In the conventional direct esterification method, in addition to the target fatty acid hydroxycarboxylic acid ester, a considerable amount of the hydroxycarboxylic acid or salt thereof used as the raw material remains. In addition, hydroxycarboxylic acid is very easy to polymerize under this reaction condition, and the product includes polymerized hydroxycarboxylic acid and fatty acid ester derived from polymerized hydroxycarboxylic acid. Therefore, the purity of the target hydroxycarboxylic acid ester salt becomes low. In the acid chloride method, the reaction rate of the target fatty acid hydroxycarboxylic acid ester is improved to some extent, and the target product is further purified and highly purified by extraction. However, in the acid chloride method, industrialization is not preferable in terms of cost because of the problem of equipment corrosion.

[0005]

Further, a transesterification method in an organic solvent has been reported. In this method, the solubility of the alkali catalyst in the system is low, and in the solvent reaction, the alkali catalyst is a raw material fatty acid. Since the alcohol ester is consumed for saponification, the amount of the net catalyst acting as a catalyst decreases, resulting in a problem that the reaction rate becomes slow. In view of these problems of the prior art, the present invention has an object to provide an industrial method capable of producing a fatty acid hydroxycarboxylic acid ester salt with high purity and at low cost.

[0006]

As a result of intensive studies to solve the above problems, the present inventors have conducted a transesterification reaction between a hydroxycarboxylic acid salt and a long-chain fatty acid lower alcohol ester in the presence of an alkali catalyst.
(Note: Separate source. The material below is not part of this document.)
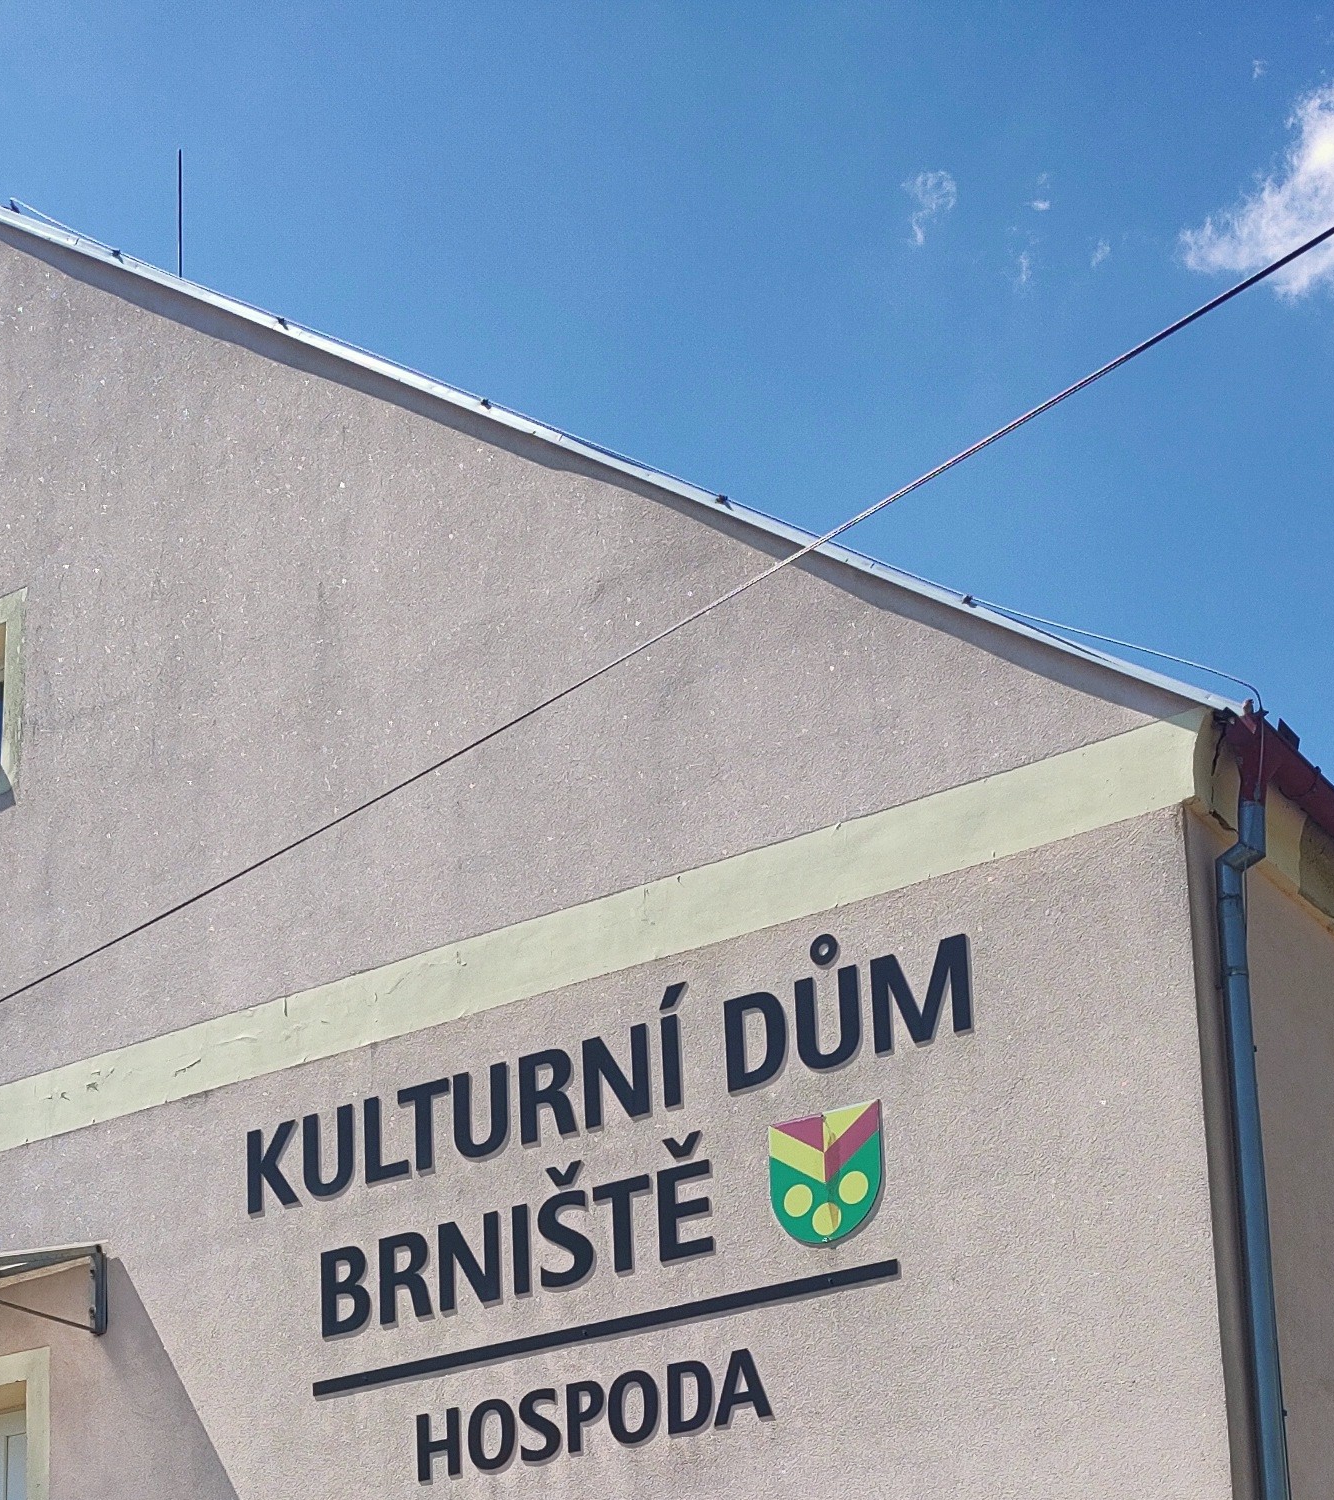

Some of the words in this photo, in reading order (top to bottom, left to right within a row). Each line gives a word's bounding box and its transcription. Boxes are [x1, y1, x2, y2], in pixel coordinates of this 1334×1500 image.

[246, 982, 687, 1215] KULTURNÍ
[724, 933, 972, 1092] DŮM
[320, 1131, 714, 1337] BRNIŠTĚ
[417, 1348, 772, 1483] HOSPODA
By
It was found that the fatty acid hydroxycarboxylic acid ester salt can be obtained with good productivity by preventing the polymerization of the raw material hydroxycarboxylic acid salt, and that the amount of soap by-produced in the solvent method can be suppressed. The present invention has been provided.

That is, the present invention provides a method for producing a fatty acid hydroxycarboxylic acid ester salt by reacting a hydroxycarboxylic acid salt with a long-chain fatty acid lower alcohol ester, wherein the hydroxycarboxylic acid salt is an alkali metal or alkaline earth metal salt. A mixture obtained from at least one compound selected from carbonates, bicarbonates or hydroxides, and a hydroxycarboxylic acid, wherein the equivalent ratio m of the alkali metal and the alkaline earth metal to the carboxyl group of the hydroxycarboxylate is m. Is 1 <m ≦ 1.5, and a method for producing a fatty acid hydroxycarboxylic acid ester salt is provided.
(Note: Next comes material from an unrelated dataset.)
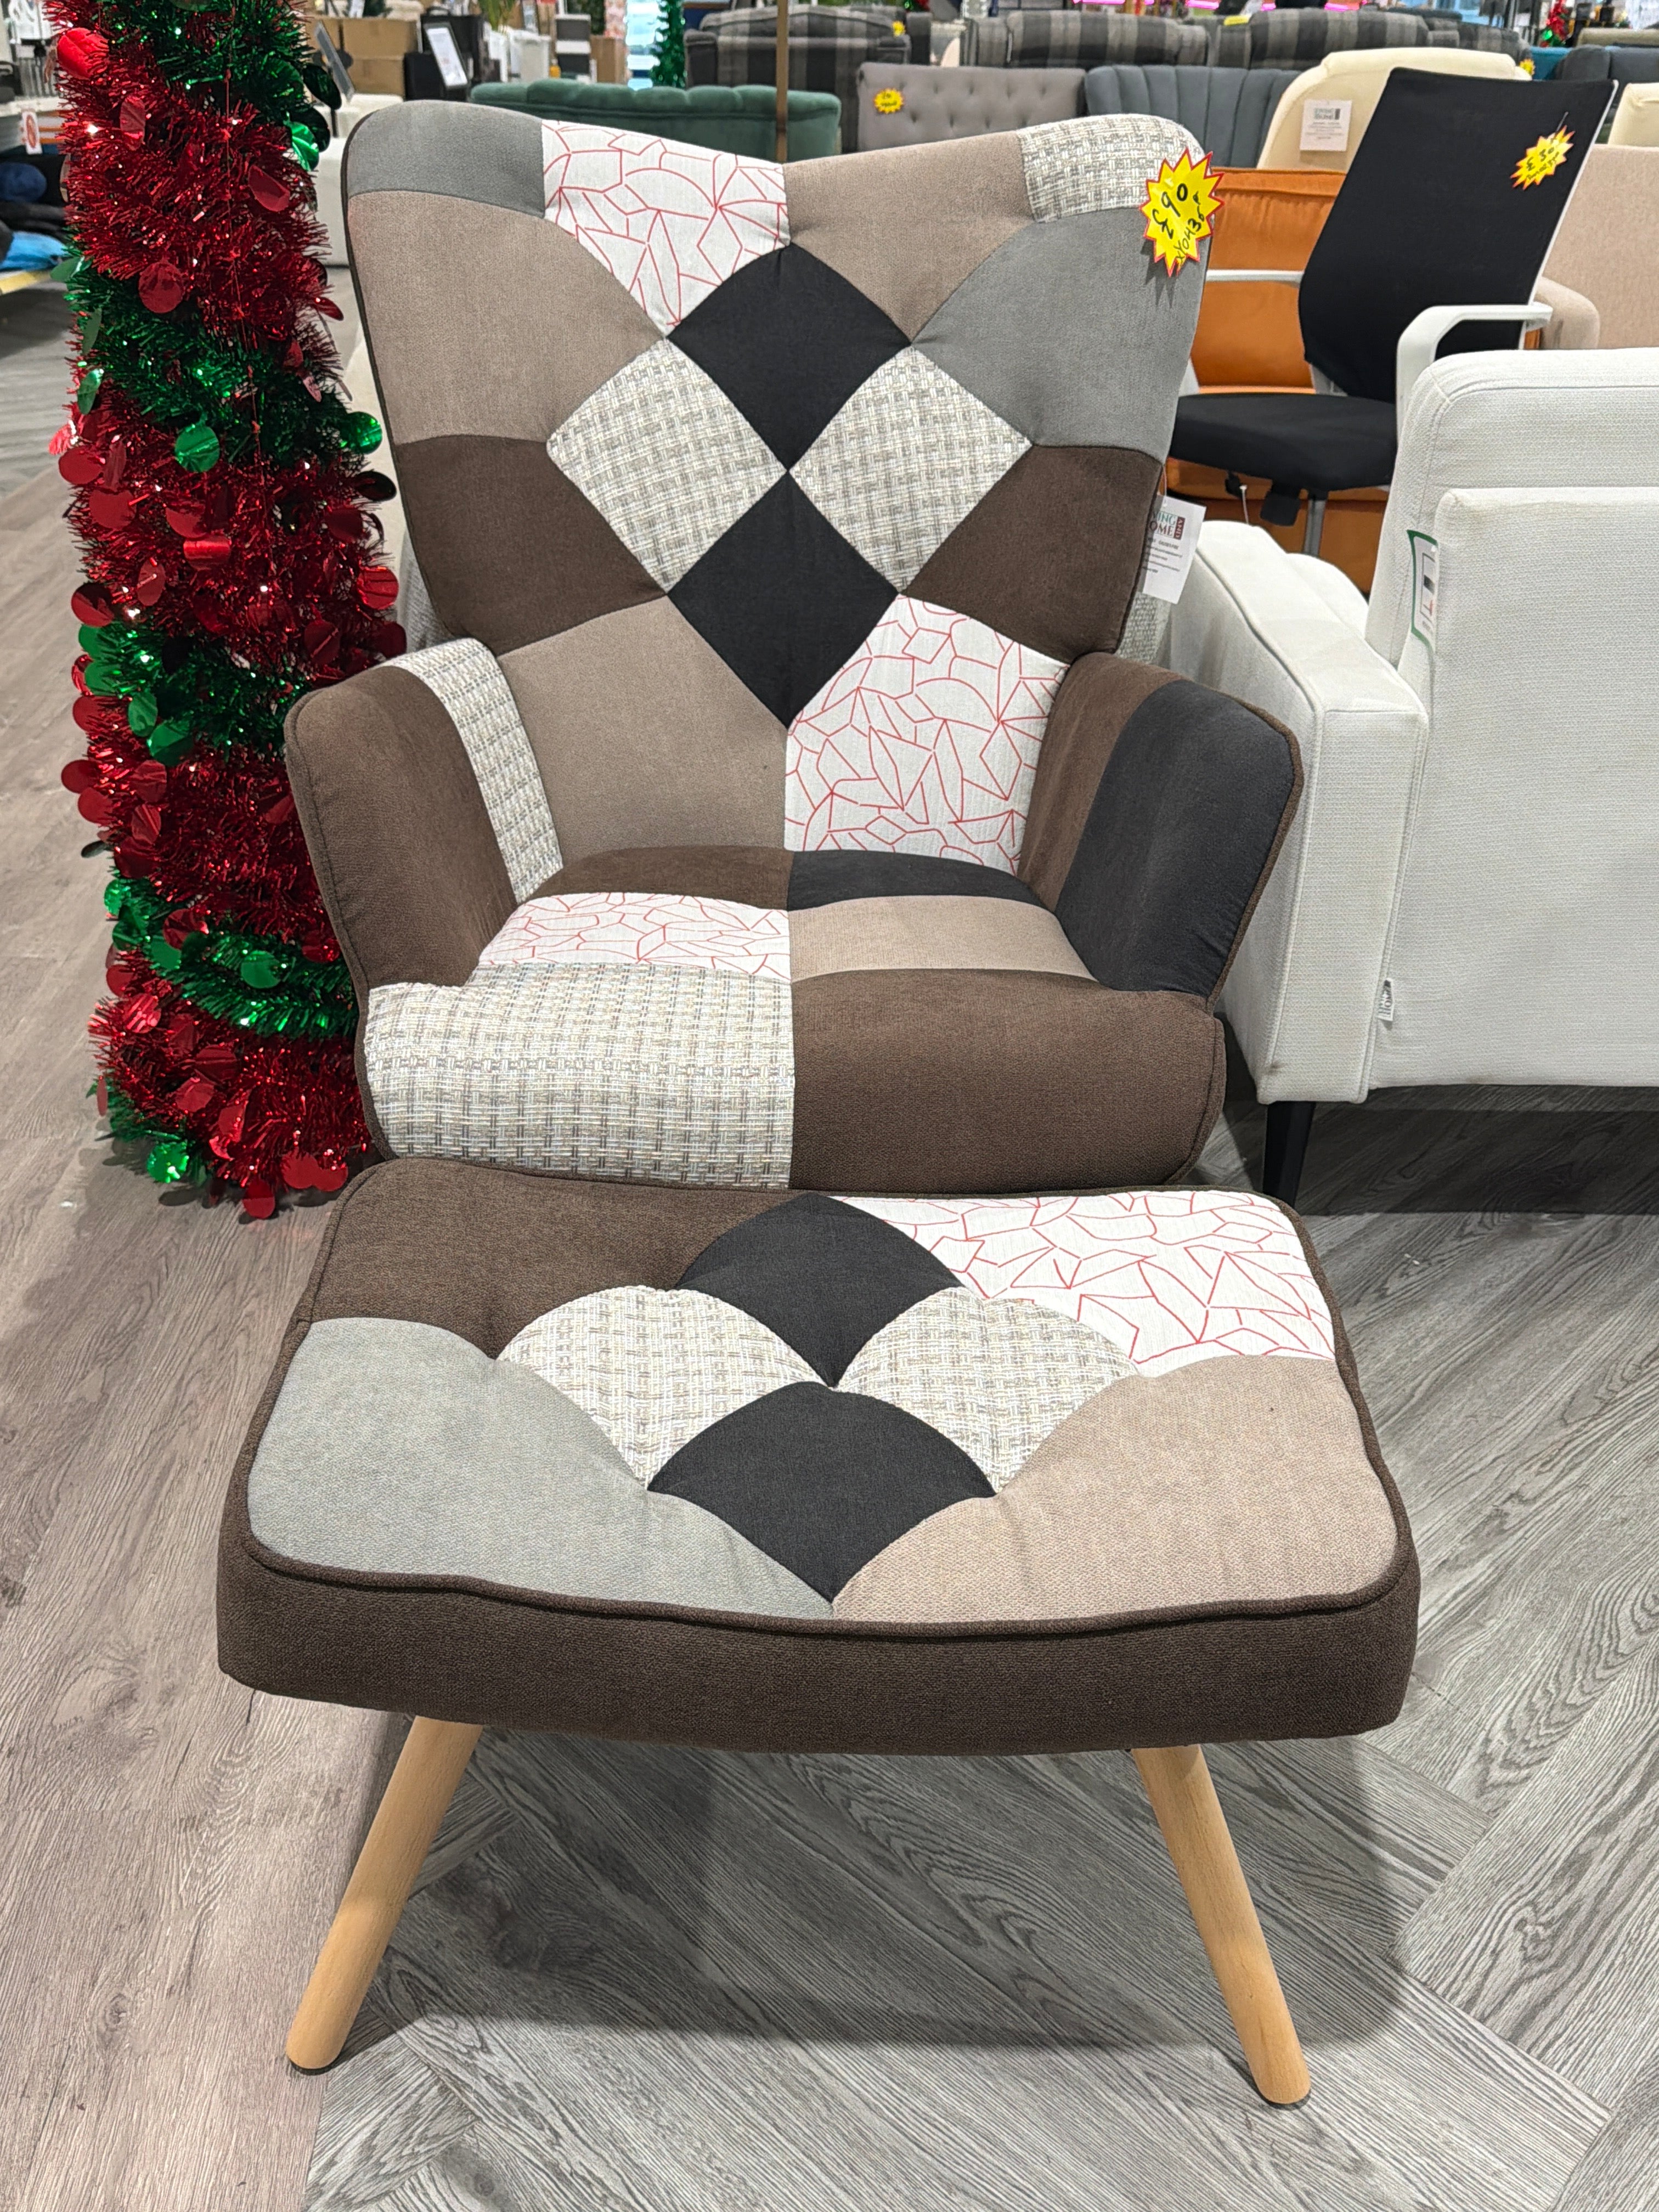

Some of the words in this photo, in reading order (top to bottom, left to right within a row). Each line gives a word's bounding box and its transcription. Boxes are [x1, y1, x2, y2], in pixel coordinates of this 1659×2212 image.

In the production method of the present invention, the hydroxycarboxylic acid salt and the long-chain fatty acid lower alcohol ester can be transesterified in an organic solvent or without a solvent. Further, the hydroxycarboxylic acid salt can be transesterified with the long-chain fatty acid lower alcohol ester in a state of being desolvent-dried into a granule or a powder. further,
The hydroxycarboxylic acid salt can also be transesterified with the long chain fatty acid lower alcohol ester in solution. In the production method of the present invention, it is preferable that the hydroxycarboxylic acid salt and the long-chain fatty acid lower alcohol ester are transesterified in the presence of a nonionic or anionic surfactant. The amount of the nonionic or anionic surfactant used is preferably 0.05 mol times or more based on the hydroxycarboxylic acid salt. The reaction between the long-chain fatty acid lower alcohol ester and the hydroxycarboxylic acid salt is preferably carried out at 60 to 200 ° C. under atmospheric pressure or reduced pressure under an inert gas stream.
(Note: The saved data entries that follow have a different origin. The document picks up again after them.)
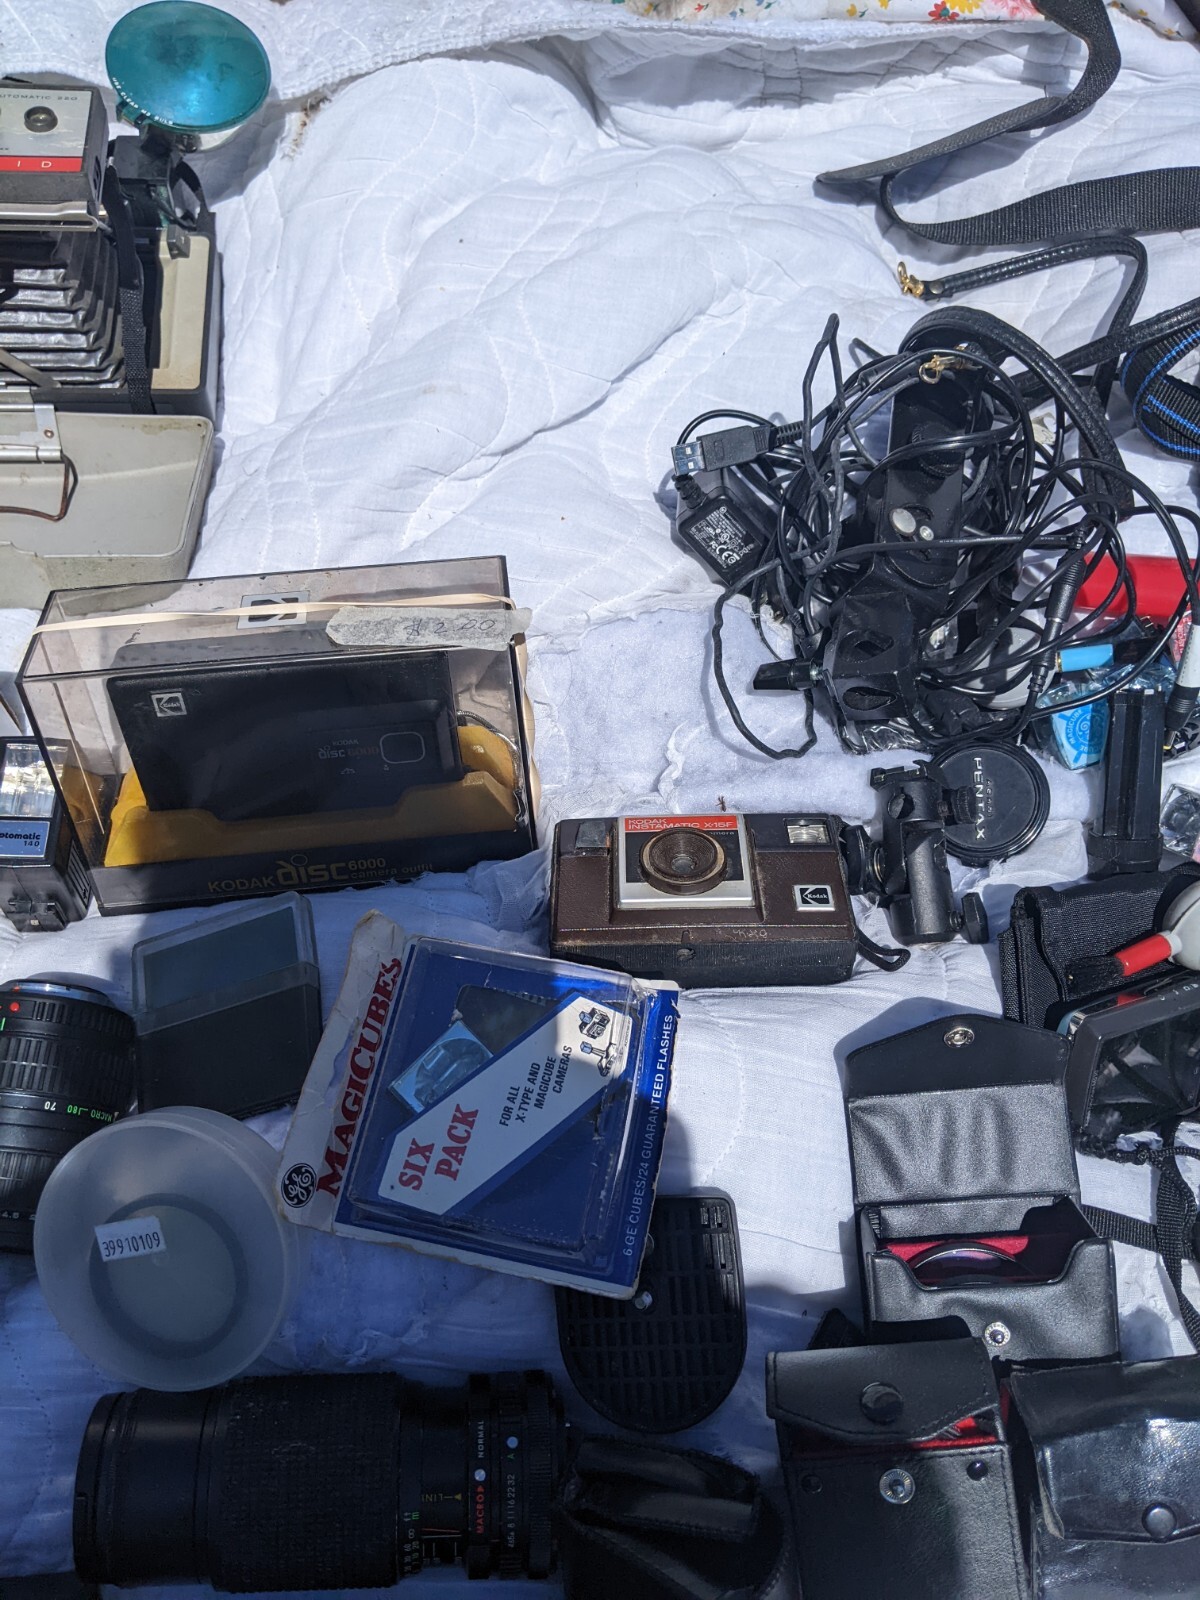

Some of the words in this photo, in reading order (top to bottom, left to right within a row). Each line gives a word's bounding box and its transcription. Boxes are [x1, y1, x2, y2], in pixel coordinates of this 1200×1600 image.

[973, 757, 986, 840] PENTAX
[628, 822, 701, 830] INSTAMATIC
[207, 875, 277, 894] KODAK
[349, 857, 386, 871] 6000
[351, 867, 398, 879] camera
[656, 1014, 673, 1071] FLASHES
[315, 957, 402, 1199] MAGICUBES
[515, 1086, 534, 1124] X-TYPE
[527, 1062, 541, 1086] AND
[533, 1055, 557, 1110] MAGICUBE
[552, 1045, 572, 1095] CAMERAS
[44, 1101, 57, 1111] 70
[499, 1104, 514, 1127] FOR
[507, 1085, 520, 1106] ALL
[641, 1073, 665, 1160] GUARANTEED
[398, 1137, 435, 1191] SIX
[434, 1103, 479, 1181] PACK
[628, 1162, 649, 1224] CUBES/24
[102, 1231, 161, 1258] 39910109
[622, 1247, 633, 1256] 6
[624, 1227, 638, 1246] GE
[477, 1419, 485, 1459] NORMAL
[475, 1491, 485, 1535] MACRO
Further, in the production method of the present invention, it is preferable to use the long-chain fatty acid lower alcohol ester in an amount of 0.1 to 5 mole times with respect to the hydroxycarboxylic acid salt. Also,
It is preferable to react the long-chain fatty acid lower alcohol ester with the hydroxycarboxylic acid salt to remove the residual fatty acid lower alcohol ester or hydroxycarboxylic acid salt from the reaction mixture. The hydroxycarboxylic acid salt used in the production method of the present invention is preferably a lactate salt, a tartrate salt, a malate salt, or a citrate salt, and the long-chain fatty acid lower alcohol ester is a saturated or unsaturated C8 to C22 ester. It is preferably a lower alcohol ester of carboxylic acid.

The present invention also provides a fatty acid hydroxycarboxylic acid ester salt produced by the above production method, which is characterized by containing no polymer.

[0011]

BEST MODE FOR CARRYING OUT THE INVENTION Hereinafter, a method for producing the fatty acid hydroxycarboxylic acid ester salt of the present invention will be described in detail. In addition, in this specification, "-" is used in the meaning including the numerical value described before and after that as a lower limit and an upper limit.

The hydroxycarboxylic acid salt used in the present invention is a mixture obtained from at least one compound selected from alkali metal and alkaline earth metal carbonates, bicarbonates or hydroxide compounds, and a hydroxycarboxylic acid. is there. Equivalent ratio of alkali metal and alkaline earth metal to carboxyl group of hydroxycarboxylate m
Is 1 <m ≦ 1.5. The lower limit is preferably 1.05 ≦ m, more preferably 1.1 ≦ m. The upper limit is preferably m ≦ 1.3, and m ≦
More preferably, it is 1.25. When m ≦ 1, the conversion of hydroxycarboxylate becomes insufficient, and 1.5 <
In m, the amount of soap by-produced by the reaction with the long-chain fatty acid lower alcohol ester increases.

Examples of the hydroxycarboxylic acid include lactic acid, tartaric acid, malic acid and citric acid. All of them can be obtained by the fermentation method or the synthetic method, and those having high purity are desirable.

In the production method of the present invention, at least one compound selected from carbonates, bicarbonates or hydroxides of alkali metals and alkaline earth metals and hydroxycarboxylic acid are provided in the above equivalent ratio. May be directly mixed with the above, or may be adjusted to have the above-mentioned equivalent ratio after forming the hydroxycarboxylic acid salt in advance. Usually, when mixing, it is dissolved in a suitable solvent, but water is preferable as the solvent. Usually, at the time of mixing, any of reduced pressure, normal pressure and increased pressure may be used, and the temperature may be in the range of normal temperature to 200 ° C., but may be appropriately selected depending on the solvent used.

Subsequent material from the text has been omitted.